Question

In: Accounting

Clear's Custom Window division has been purchasing a certain window components from Duwee, Cheatim & How...

Clear's Custom Window division has been purchasing a certain window components from Duwee, Cheatim & How Company. However it was determined that it can use one of the frames from the Framing division. The Framing Division, which is operating at capacity, incurs an incremental manufacturing cost of $65 per frame. The Picture Framing Division can sell all its output to the outside market at a price of $100 per frame, after incurring a variable marketing and distribution cost of $8 per frame. If the Window division purchases frames from Duwee at a price of $100 per frame, it will incur a variable purchasing cost of $7 per frame. Clear View's division managers can act autonomously to maximize their own division's operating income.

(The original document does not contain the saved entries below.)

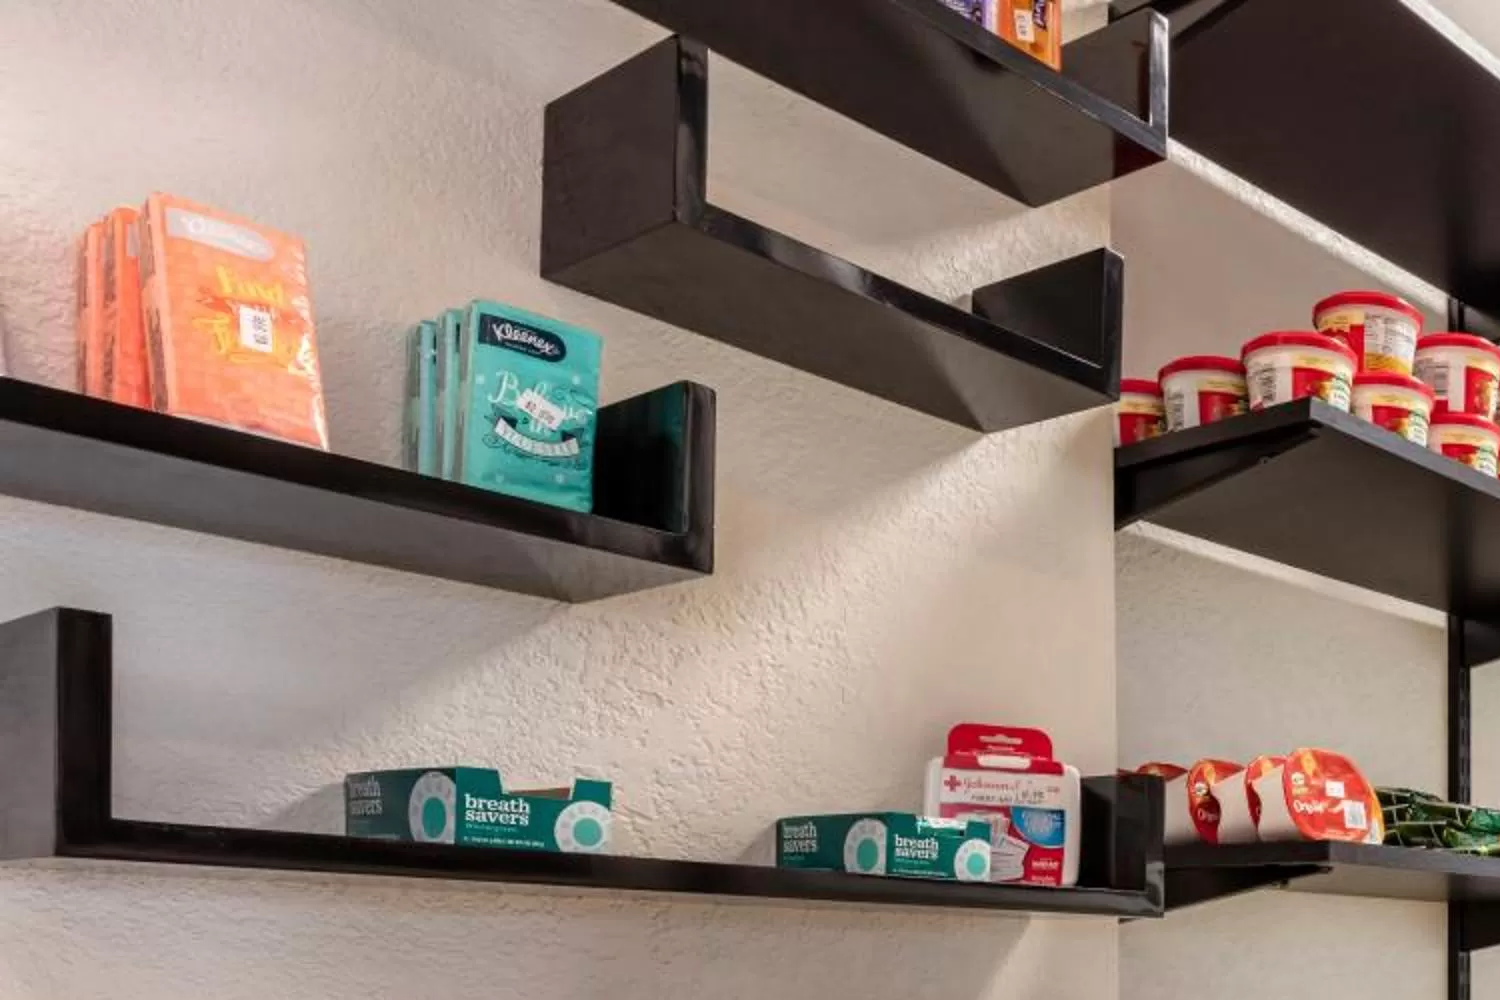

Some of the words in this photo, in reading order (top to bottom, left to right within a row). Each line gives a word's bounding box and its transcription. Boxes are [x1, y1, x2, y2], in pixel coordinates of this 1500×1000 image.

[491, 322, 558, 356] Kleenex
[464, 793, 531, 814] breath
[464, 809, 530, 826] savers
[783, 820, 817, 838] breath
[895, 833, 940, 851] breath
[895, 847, 938, 860] savers
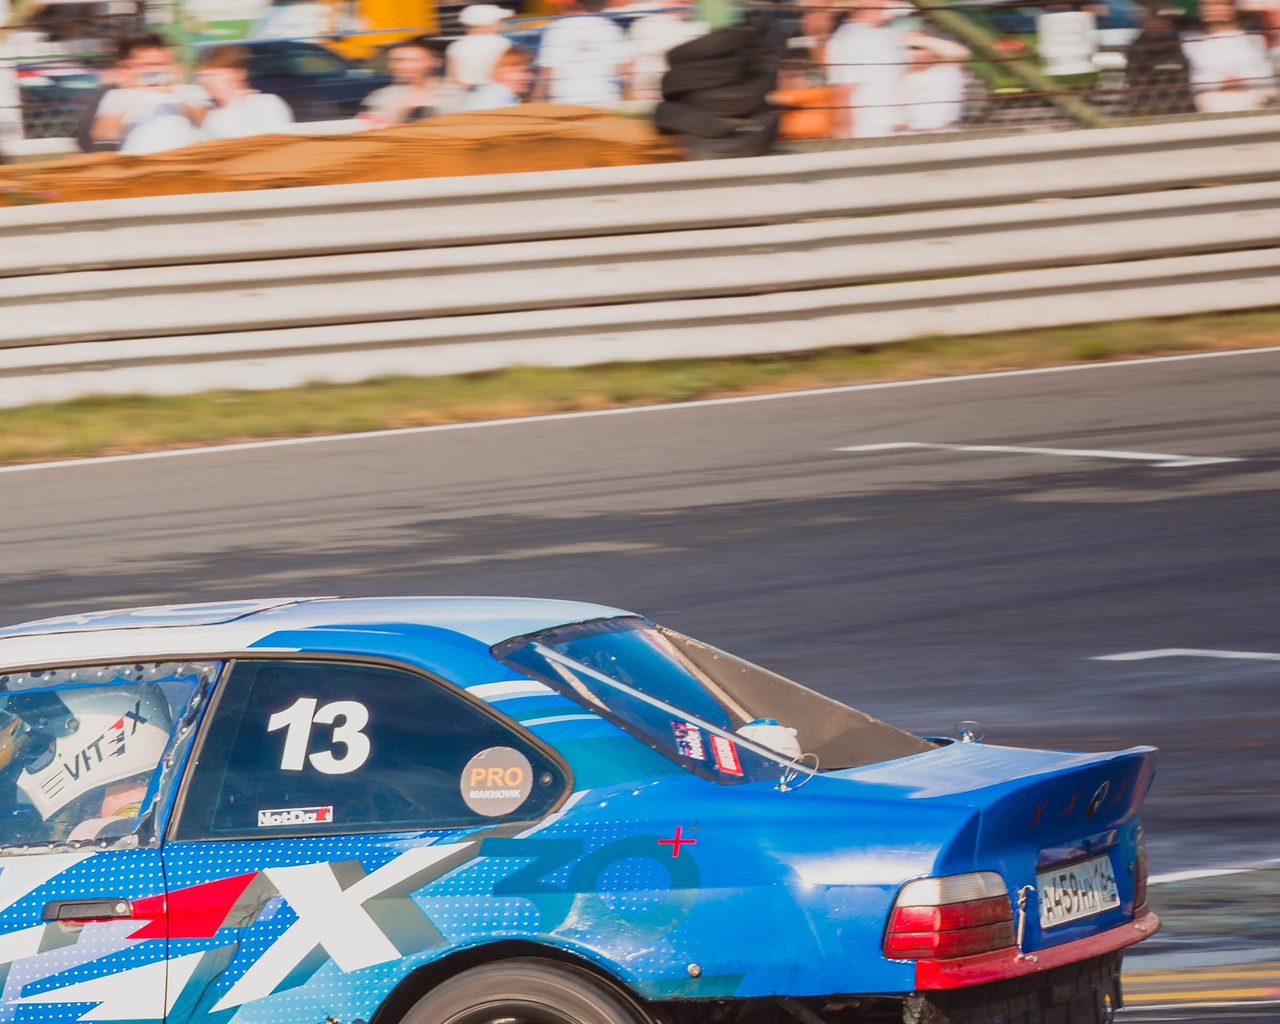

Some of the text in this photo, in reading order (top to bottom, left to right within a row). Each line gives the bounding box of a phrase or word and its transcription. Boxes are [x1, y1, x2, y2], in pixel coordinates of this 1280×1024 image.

[63, 700, 148, 781] VITEX
[267, 697, 371, 775] 13
[469, 789, 522, 799] MAKHOVIK
[470, 766, 524, 788] PRO
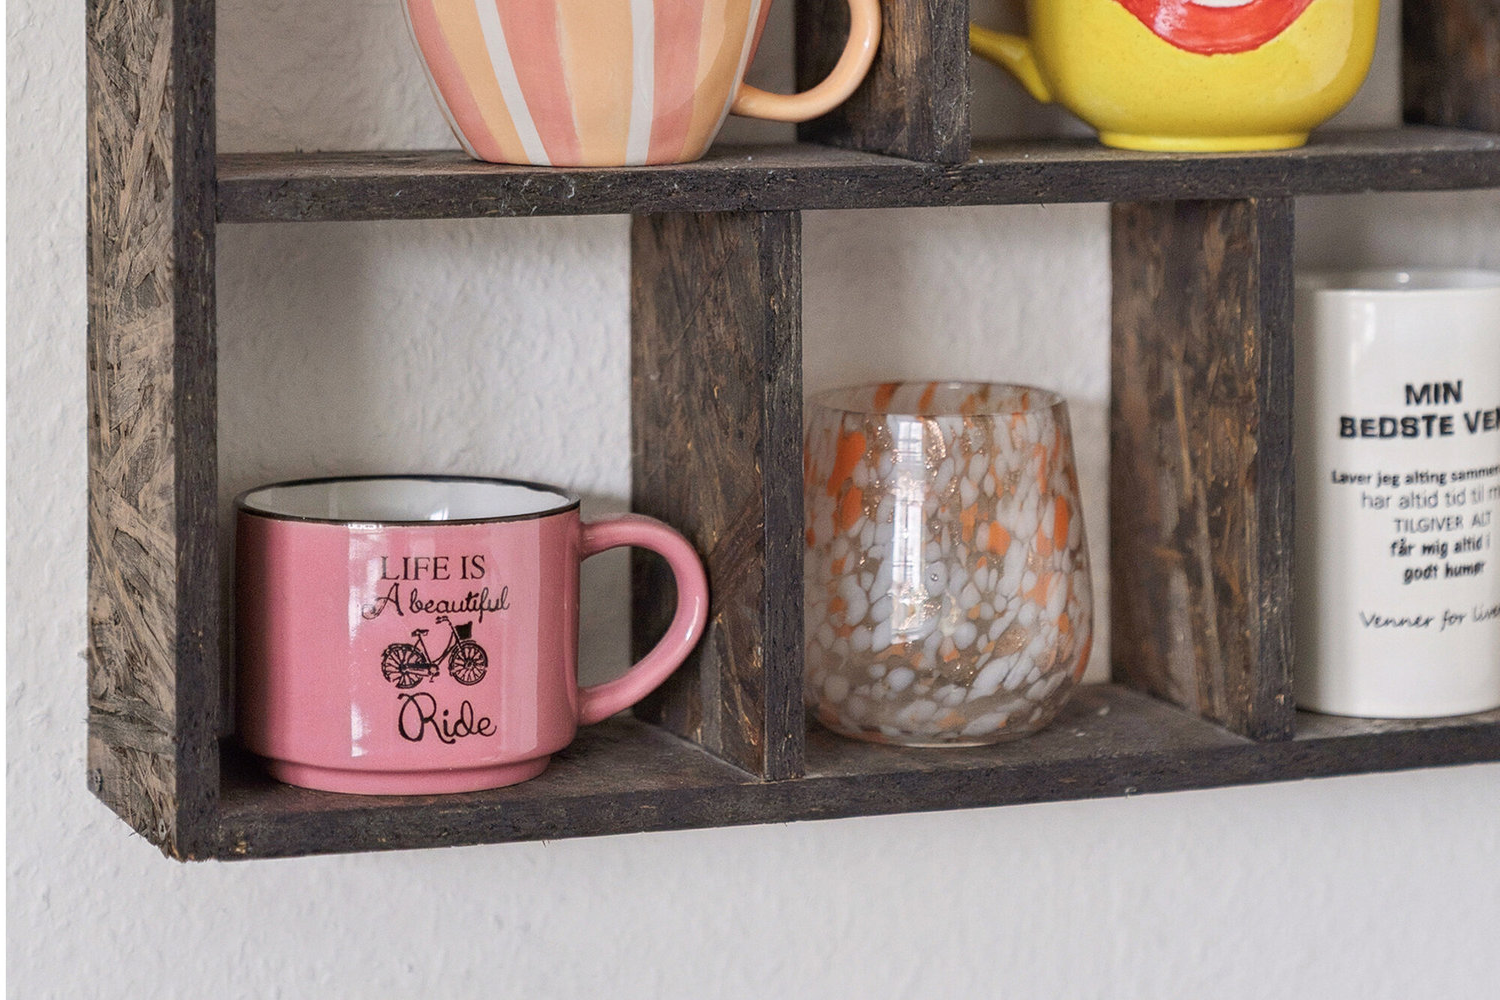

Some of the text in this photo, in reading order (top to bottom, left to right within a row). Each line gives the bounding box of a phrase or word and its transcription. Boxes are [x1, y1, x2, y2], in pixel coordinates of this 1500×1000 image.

[1405, 380, 1462, 404] MIN
[1340, 414, 1454, 438] BEDSTE
[1376, 470, 1399, 487] jeg
[1405, 470, 1446, 486] alting
[1361, 491, 1390, 509] har
[1399, 489, 1438, 509] altid
[1445, 487, 1466, 507] tid
[1471, 482, 1485, 505] til
[1394, 510, 1492, 533] TILGIVER ALT
[1390, 537, 1414, 556] får
[1422, 540, 1448, 559] mig
[1454, 534, 1483, 553] altid
[381, 554, 486, 581] LIFE IS
[1403, 561, 1485, 585] godt humør
[361, 582, 511, 623] A beautiful
[1359, 602, 1500, 633] Venner for live
[398, 692, 498, 744] Ride

1. What is the minimum transfer price at which the Frame manager would be willing to sell frames to the Window Division?

2.What is the maximum transfer price at which the Window manager would be willing to purchase frames from the Framing Division?

3. Now suppose that the Framing Division can sell only 70% of its output capacity of 20,000 frames per month on the open market. Capacity cannot be reduced in the short run. The Windows Division can assemble and sell more than 20,000 windows per month.

a. What is the minimum transfer price at which the Framing manager would be willing to sell frames to the Windows Division?

b. From the point of view of Clear View's management, how much of the Framing Division's output should be transferred to the Window Division?

c. If Clear View mandates the Framing and Windows managers to "split the difference" on the minimum and maximum transfer prices they would be willing to negotiate over, what would be the resulting transfer price? Does this price achieve the outcome desired in requirement 3b?

Solutions

Expert Solution

Solution

1.

The minimum transfer price at which the framing manager would be willing to sell is :

=$100(sales price )- $8(distribution cost)

=$92

2.

maximum transfer price at which the Window manager would be willing to purchase frames from the Framing Division:

=$100(purchase price)+$7(purchasing cost)

=$107

3.a

Framing division has excess capacity of 6,000 frames(30%×20000) . The minimum transfer price would be $65 (incremental cost)for 6,000 frames and for remaining 14,000 frames , the minimum transfer price would be $92.

3.b.

From the point of view of Clear View's management,all of the Framing division output should be transferred to them . This will avoid $7 variable purchasing cost and $8 distribution cost.

3.c.

If the Framing division and window division could come to an agreement to "split the difference" the value would have been between $107 and $92. It would be between middle of them $99.50{(107+92)/2}. Clear view can set this price as bench mark price as it is beneficial for both the divisions.